== EXERCISE AIM ==
Apart from the images, reproduce all of the data word for word.

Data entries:
━━━━━━━━━━

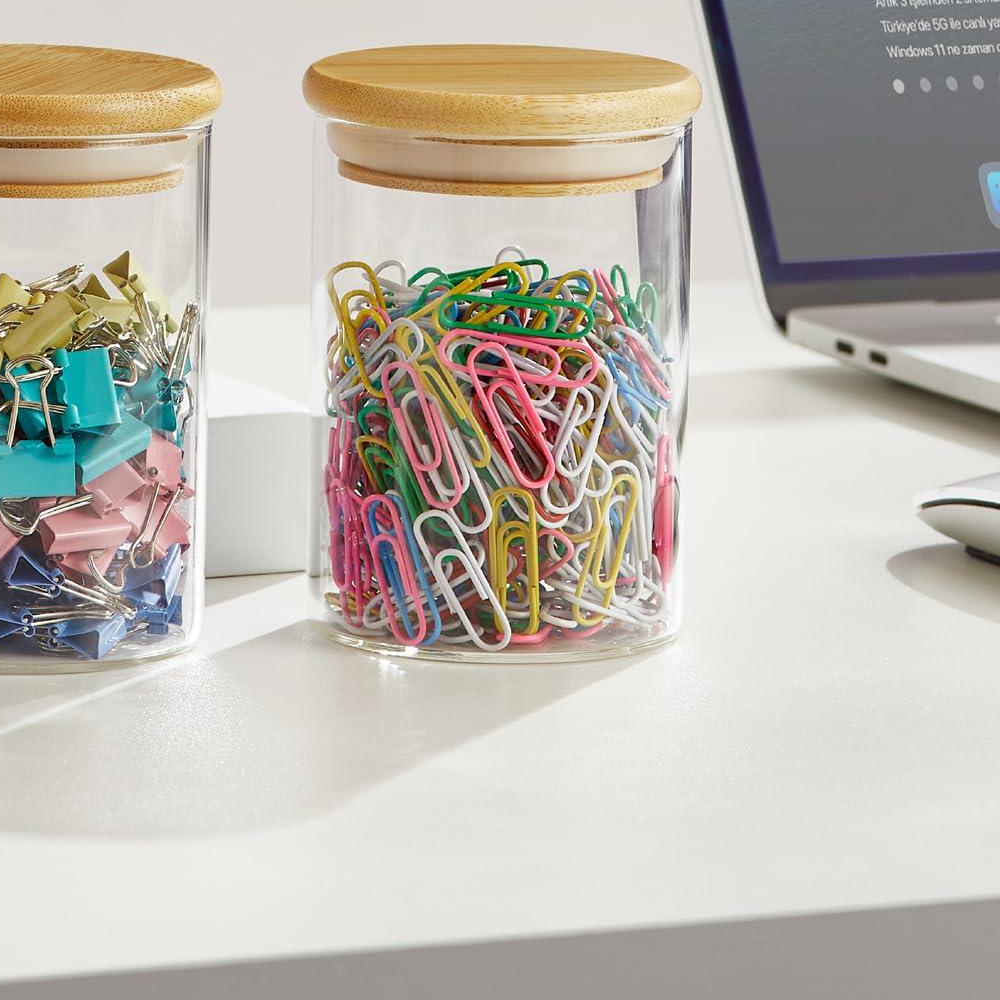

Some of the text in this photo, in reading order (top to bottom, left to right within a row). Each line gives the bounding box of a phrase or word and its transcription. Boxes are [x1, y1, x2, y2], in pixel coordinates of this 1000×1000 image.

[931, 17, 949, 32] 5G
[986, 16, 1000, 32] ya
[886, 44, 934, 58] Windows
[933, 43, 946, 57] 11
[947, 44, 961, 56] ne
[961, 43, 996, 55] zaman

━━━━━━━━━━

== YOUR RESPONSE ==
Some of the text in this photo, in reading order (top to bottom, left to right within a row). Each line gives the bounding box of a phrase or word and its transcription. Boxes are [x1, y1, x2, y2], in pixel coordinates of this 1000×1000 image.

[931, 17, 949, 32] 5G
[986, 16, 1000, 32] ya
[886, 44, 934, 58] Windows
[933, 43, 946, 57] 11
[947, 44, 961, 56] ne
[961, 43, 996, 55] zaman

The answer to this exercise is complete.